Medications Studied and Used in the Treatment of BPD
There are two reasons why medications are used in the treatment of BPD. First, they have proven to be very helpful in stabilizing the emotional reactions, reducing impulsivity, and enhancing thinking and reasoning abilities in people with the disorder. Second, medications are also effective in treating the other emotional disorders that are frequently associated with borderline disorder like depression and anxiety.
The group of medications that have been studied most for the treatment of borderline disorder are neuroleptics and atypical antipsychotic agents. At their usual doses, these medications are very effective in improving the disordered thinking, emotional responses, and behavior of people with other mental disorders, such as bipolar disorder and schizophrenia. However, at smaller doses they are helpful in decreasing the over-reactive emotional responses and impulsivity, and in improving the abilities to think and reason for people with BPD. Low doses of these medications often reduce depressed moods, anger, and anxiety, and decrease the severity and frequency of impulsive actions.

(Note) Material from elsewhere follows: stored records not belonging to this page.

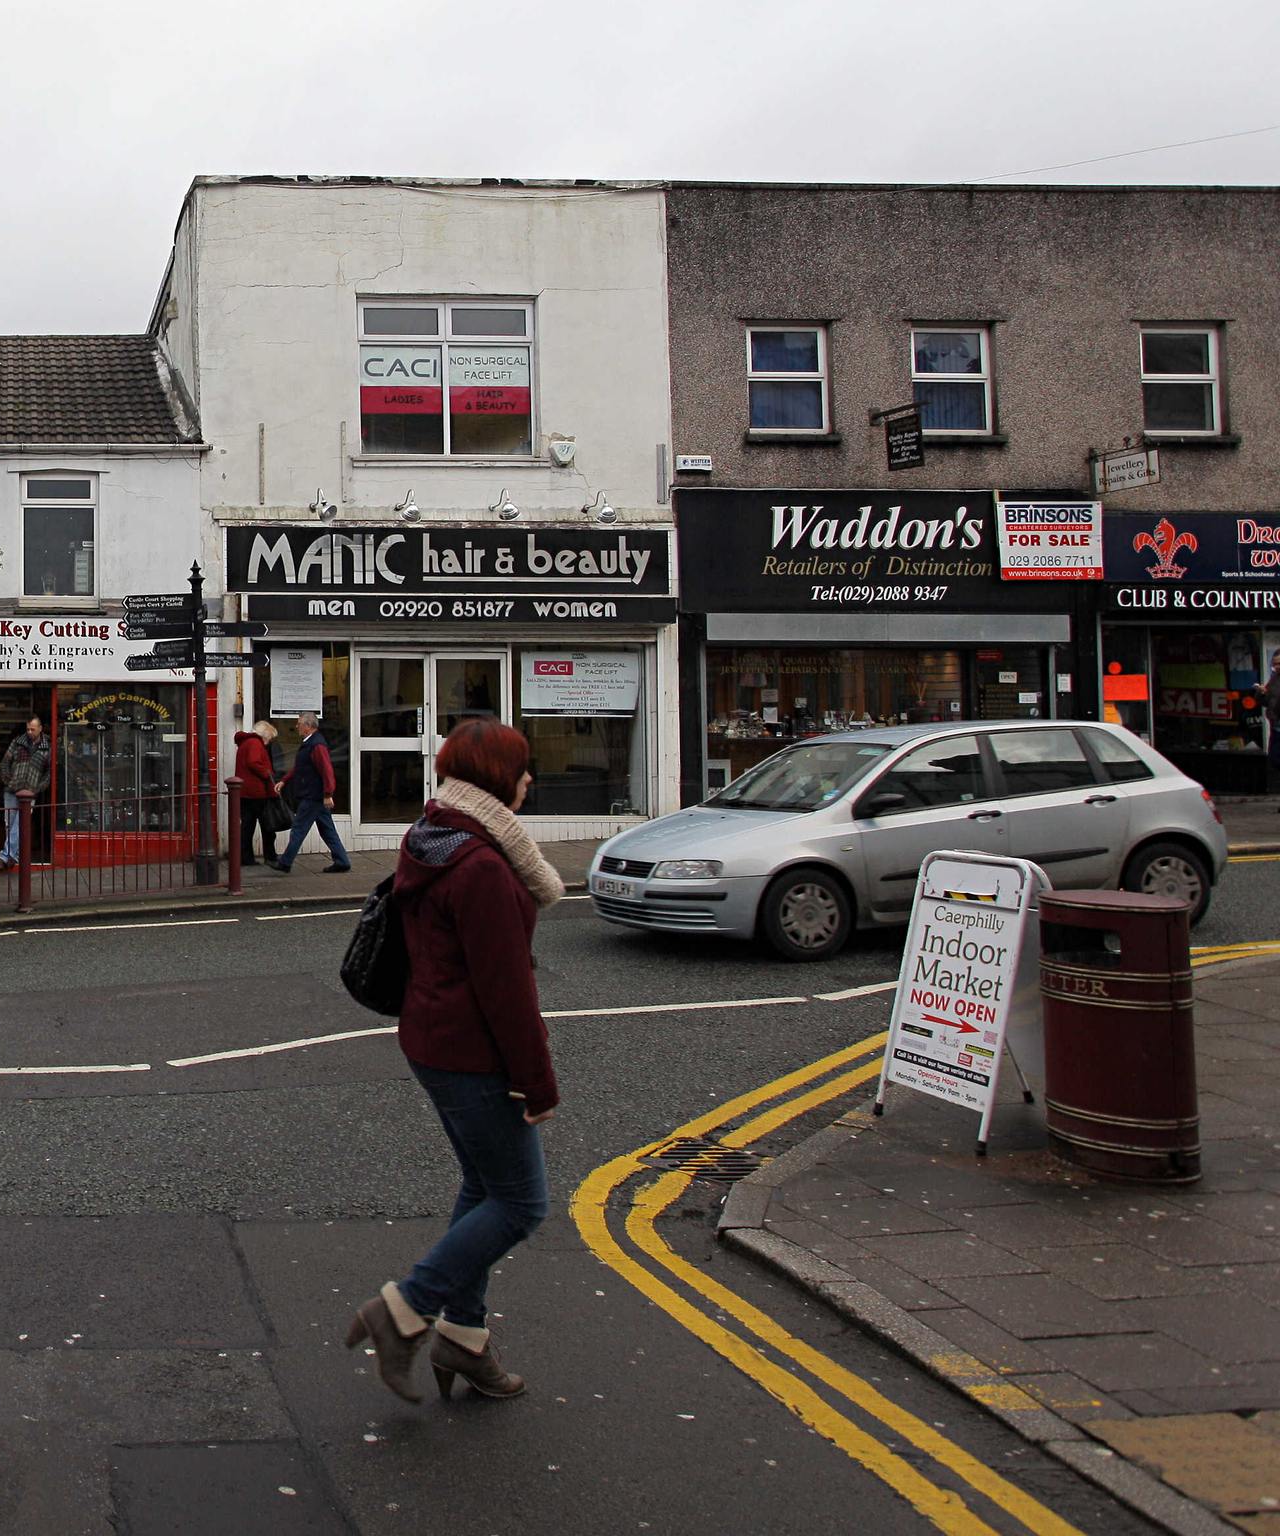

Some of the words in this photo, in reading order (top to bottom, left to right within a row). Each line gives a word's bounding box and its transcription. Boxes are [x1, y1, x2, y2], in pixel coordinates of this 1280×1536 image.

[364, 358, 437, 378] CACI
[450, 357, 472, 366] NON
[474, 357, 527, 366] SURGICAL
[464, 371, 490, 380] FACE
[493, 371, 513, 380] LIFT
[384, 395, 424, 404] LADIES
[476, 402, 517, 410] BEAUTY
[1108, 460, 1144, 475] Jewellery
[1128, 472, 1135, 480] &
[1005, 509, 1092, 523] BRINSONS
[770, 506, 983, 550] Waddon's
[1009, 534, 1040, 546] FOR
[1048, 534, 1090, 546] SALE
[247, 532, 406, 584] MANIC
[422, 533, 486, 573] hair
[495, 547, 514, 573] &
[526, 534, 651, 584] beauty
[1009, 556, 1030, 567] 029
[1033, 556, 1061, 567] 2086
[1065, 556, 1093, 566] 7711
[762, 556, 847, 576] Retailers
[851, 555, 875, 580] of
[885, 556, 992, 577] Distinction
[1008, 569, 1083, 578] www.brinsons.co.uk
[914, 586, 948, 601] 9347
[1117, 589, 1167, 608] CLUB
[1174, 590, 1187, 608] &
[308, 600, 355, 616] men
[379, 601, 443, 617] 02920
[451, 601, 514, 617] 851877
[533, 601, 617, 617] women
[0, 621, 32, 640] Key
[39, 621, 109, 640] Cutting
[31, 644, 41, 655] &
[48, 644, 114, 657] Engravers
[18, 658, 74, 672] Printing
[169, 668, 187, 677] No.
[539, 663, 568, 673] CACI
[74, 695, 115, 718] Keeping
[119, 693, 171, 719] Caerphilly
[1161, 690, 1227, 716] SALE
[934, 906, 1004, 934] Caerphilly
[920, 925, 1007, 966] Indoor
[913, 956, 1003, 1001] Market
[1040, 970, 1109, 997] ITTER
[910, 988, 951, 1011] NOW
[954, 999, 996, 1024] OPEN
[895, 1071, 917, 1083] Monday
[922, 1080, 947, 1093] Saturday
[948, 1088, 960, 1097] 9am
[917, 1069, 941, 1083] Opening
[942, 1077, 958, 1088] Hours

In addition, clients with borderline disorder report a considerable improvement in their ability to think rationally. There’s also a reduction, or elimination of, paranoid thinking, if this is a problem.

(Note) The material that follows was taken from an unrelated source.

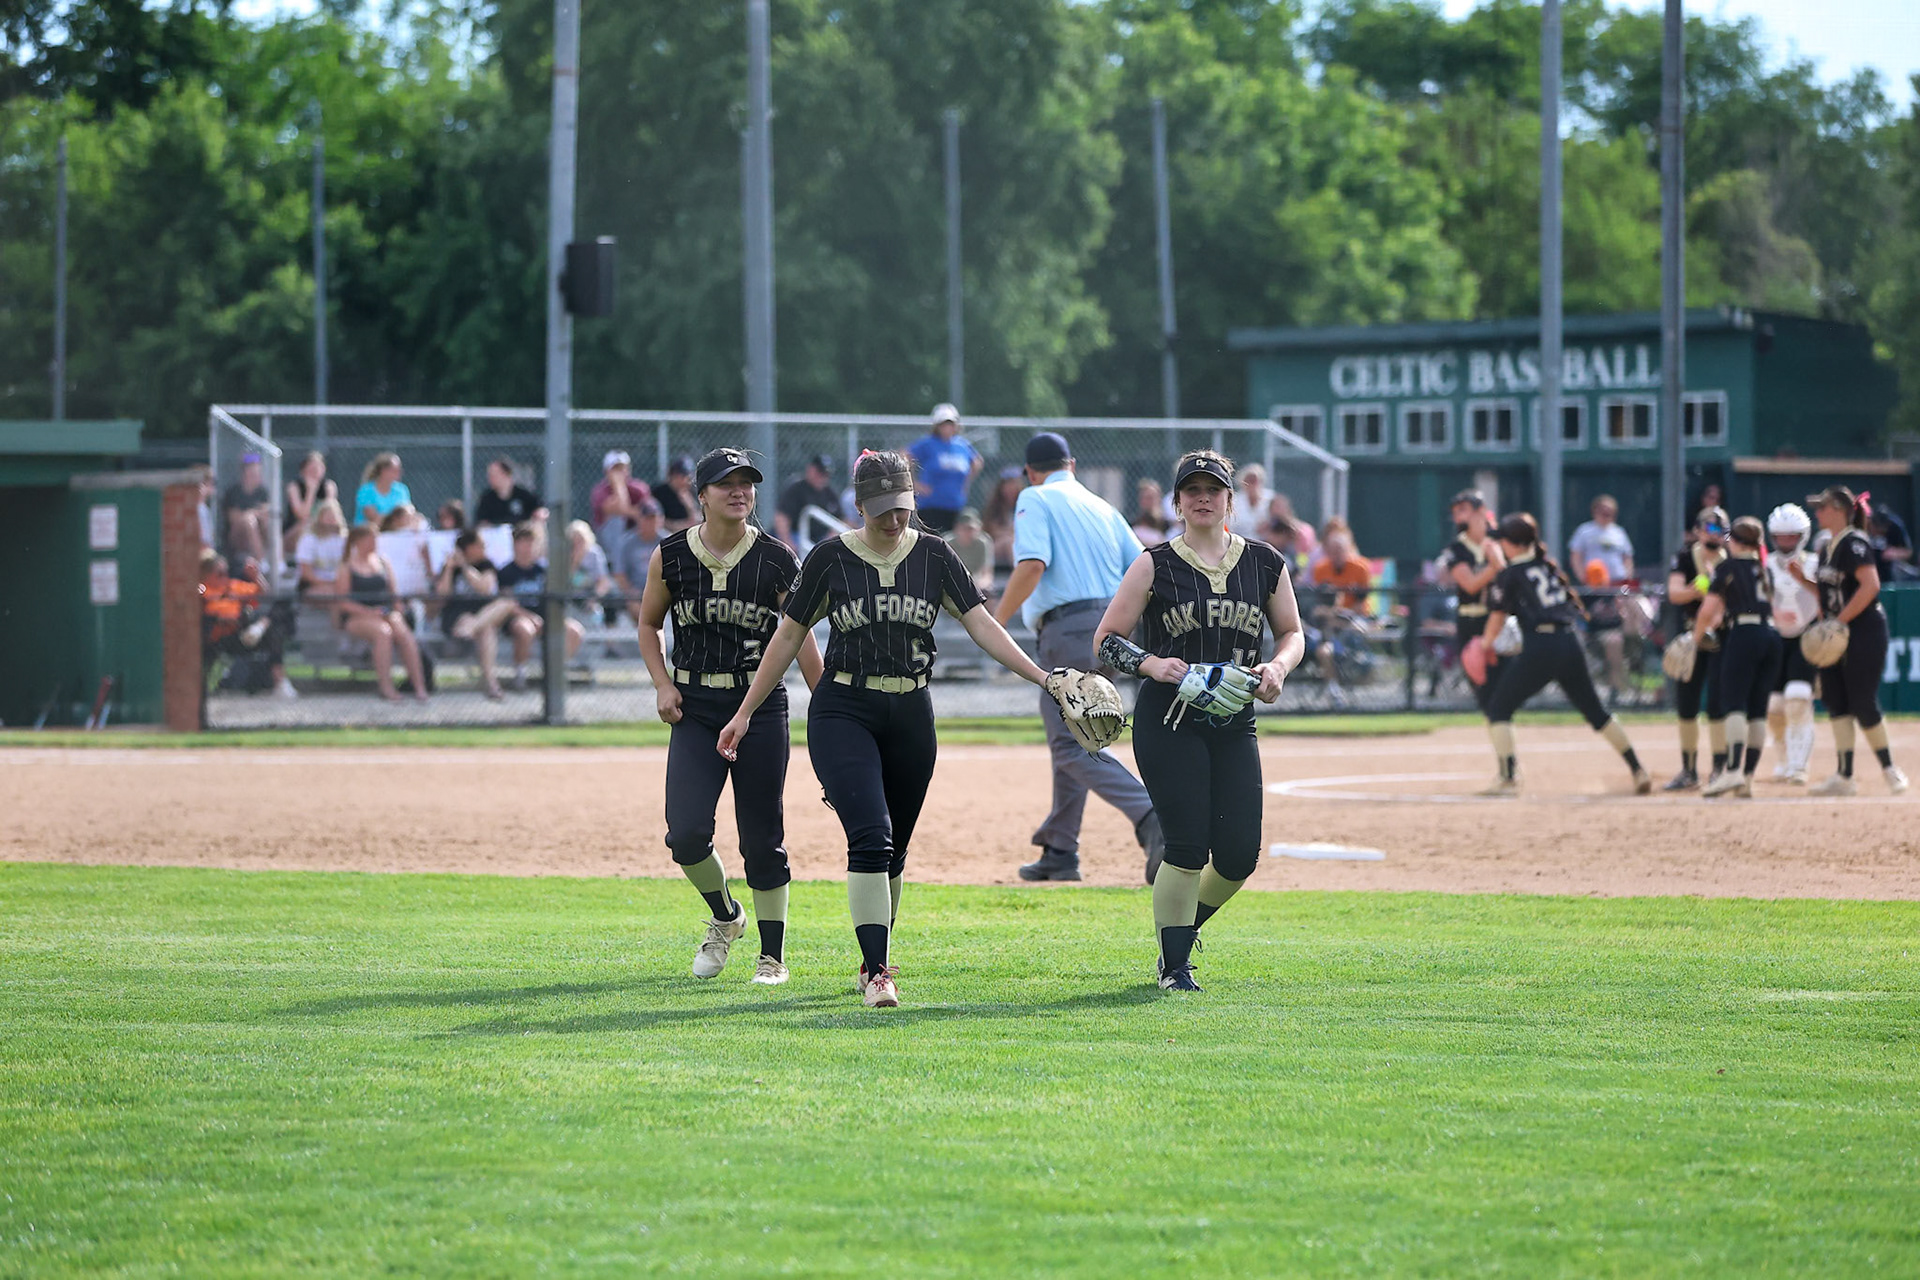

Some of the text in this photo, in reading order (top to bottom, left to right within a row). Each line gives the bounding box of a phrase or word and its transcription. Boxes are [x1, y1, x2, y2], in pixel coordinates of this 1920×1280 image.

[1329, 345, 1662, 398] CELTIC BASBALL
[673, 599, 702, 628] AK
[832, 593, 937, 634] OAK FORES
[1162, 601, 1202, 638] OAK

Medications Studied and Used in the Treatment of Borderline Disorder is adapted from the book, “Borderline Personality Disorder Demystified ” by Dr. Robert O. Friedel, Marlowe & Co., 2004.
Side Effects of Medications Used to Treat BPD
All medications have side effects. Different medications produce different side effects, and people differ in the amount and severity of side effects they experience. Side effects can often be treated by changing the dose of the medication or switching to a different medication. Antidepressants may cause dry mouth, constipation, bladder problems, sexual problems, blurred vision, dizziness, drowsiness, skin rash, or weight gain or loss. One class of antidepressants, the monoamine oxidase inhibitors (MAOIs) have strict food restrictions with the consequence of life threatening elevation of blood pressure. The SSRIs and newer antidepressants tend to have fewer and different side effects such as nausea, nervousness, insomnia, diarrhea, rash, agitation, sexual problems, or weight gain or loss. Mood stabilizers could cause side effects of nausea, drowsiness, dizziness and possibly tremors. Some require periodic blood tests to monitor liver function and blood cell count.

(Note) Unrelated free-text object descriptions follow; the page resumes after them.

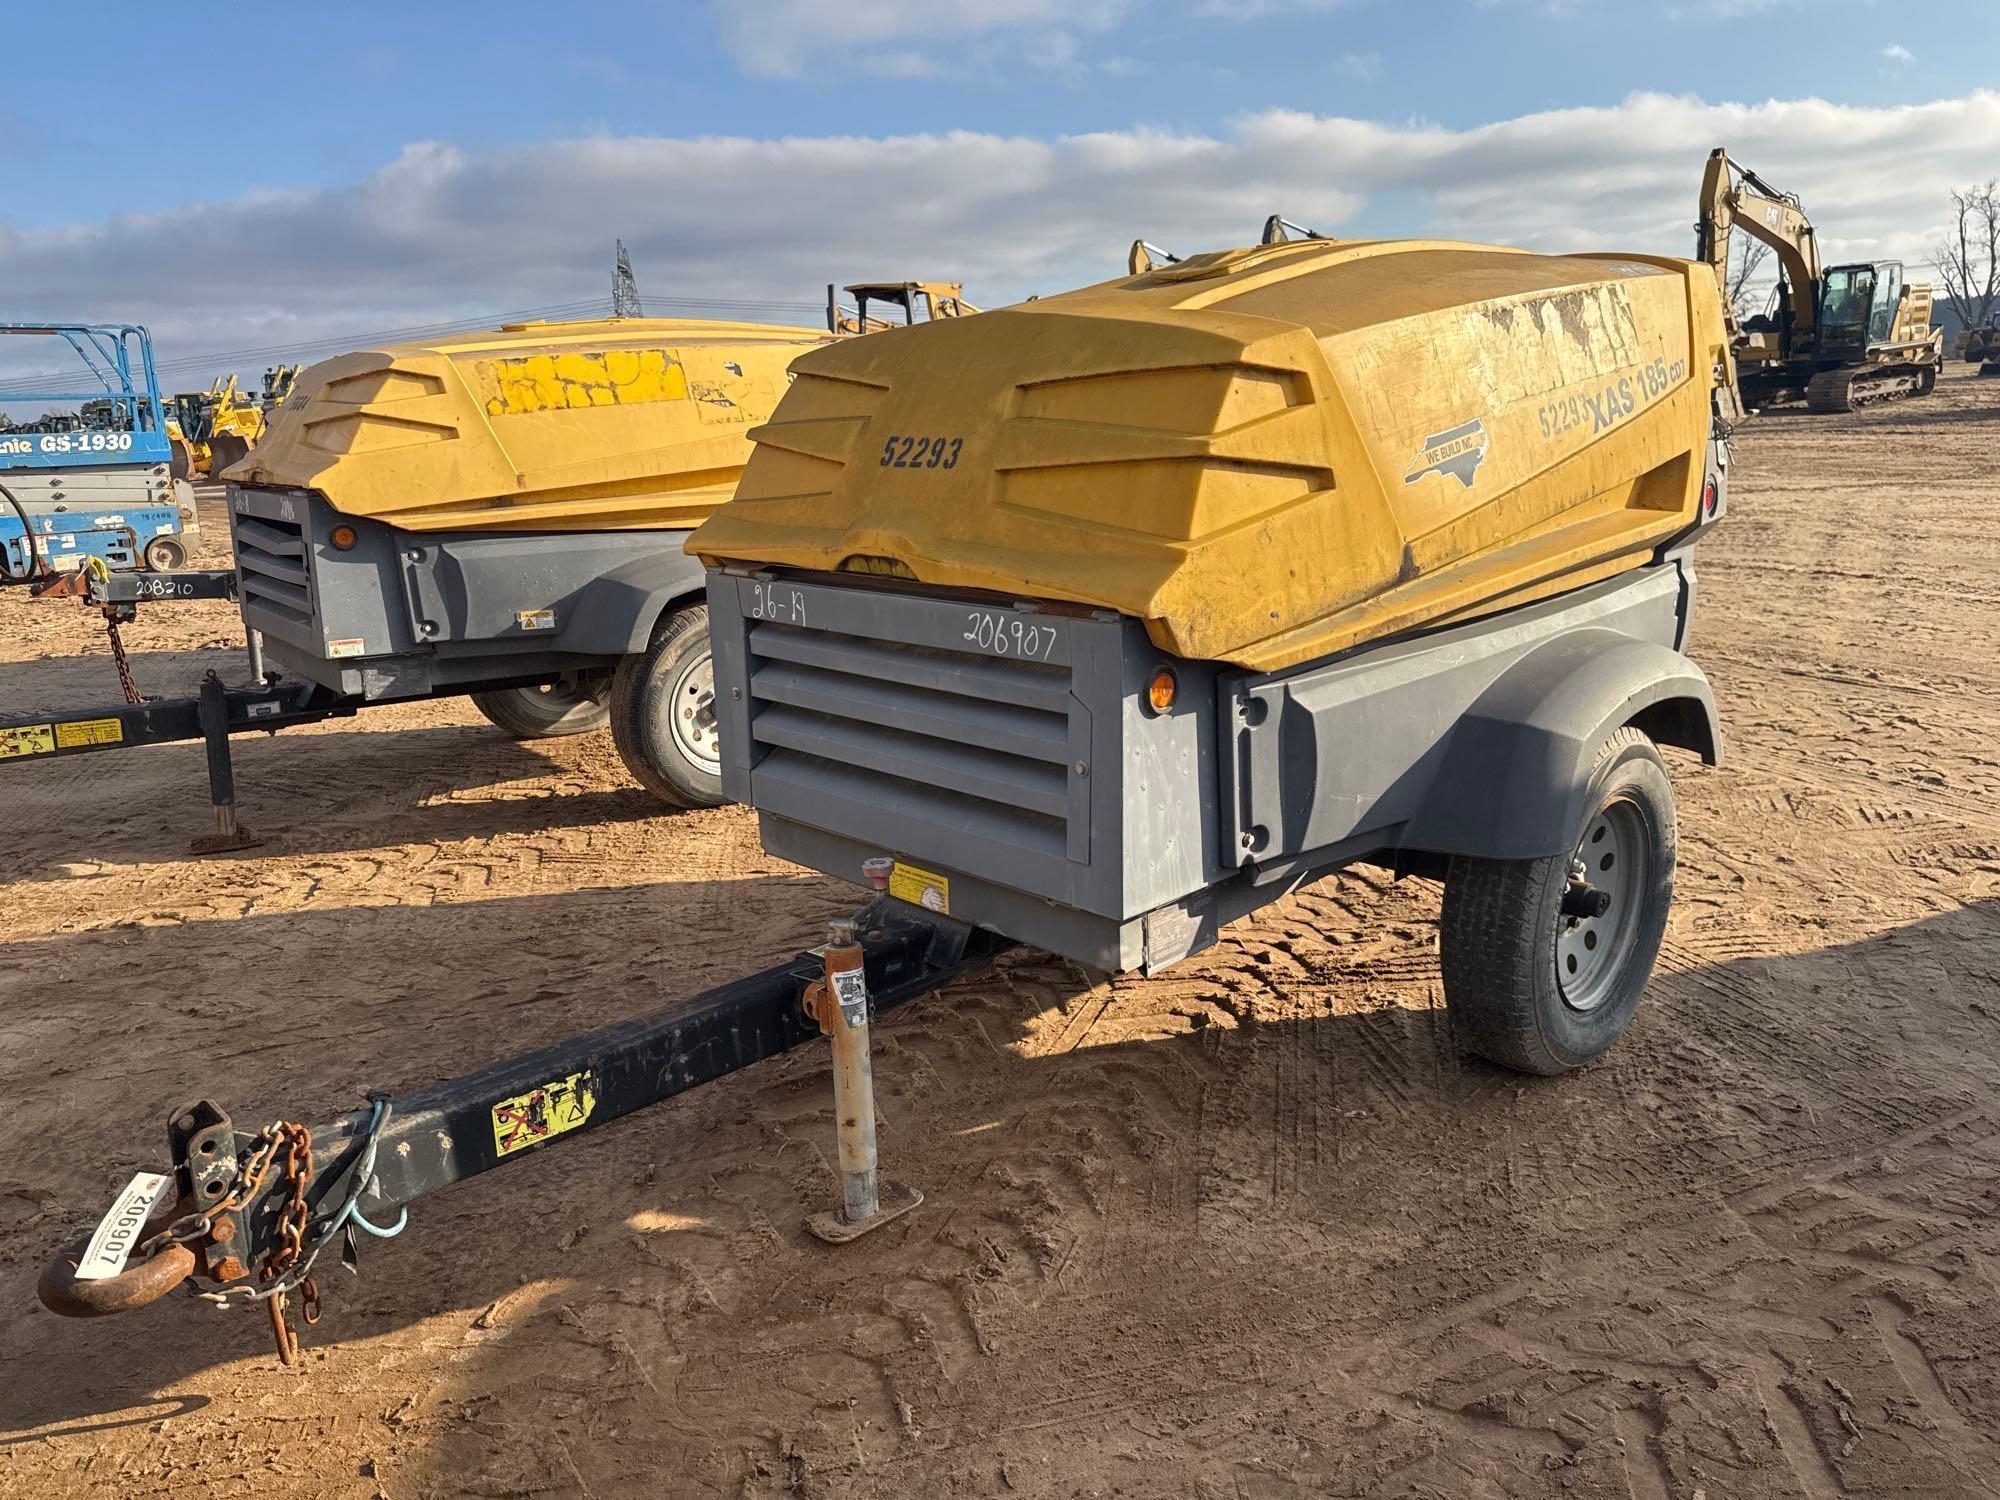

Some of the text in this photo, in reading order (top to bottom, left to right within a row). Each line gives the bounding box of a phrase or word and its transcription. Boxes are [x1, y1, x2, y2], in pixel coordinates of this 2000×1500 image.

[1538, 391, 1589, 438] 52293
[1587, 376, 1635, 434] XAS
[1636, 356, 1668, 401] 185
[40, 433, 132, 452] GS-1930
[880, 436, 963, 469] 52293
[1425, 436, 1473, 465] WE BUILD NC
[136, 579, 193, 596] 208210
[963, 612, 1057, 661] 206907
[100, 1195, 154, 1265] 206907

The group of medications that have been studied most for the treatment of borderline disorder are neuroleptics and atypical antipsychotic agents. The neuroleptics were the first generation of medications used to treat psychotic disorders. The atypical antipsychotics are the second generation of medications developed to treat psychotic disorders. A specific side-effect the neuroleptics may produce is called tardive dyskinesia. This is an abnormal, involuntary movement disorder that typically occurs in those receiving average to large doses of neuroleptics. The risk appears to be less with low doses of neuroleptics or the atypical antipsychotic agents. Atypical antipsychotics and/or traditional narcoleptics could have the ability to produce weight gain, drowsiness, insomnia, breast engorgement and discomfort, lactation, and restlessness. Some of the side-effects are temporary and others are persistent. Before starting on a traditional neuroleptic or atypical antipsychotic, review the side-effect profile with the treating psychiatrist.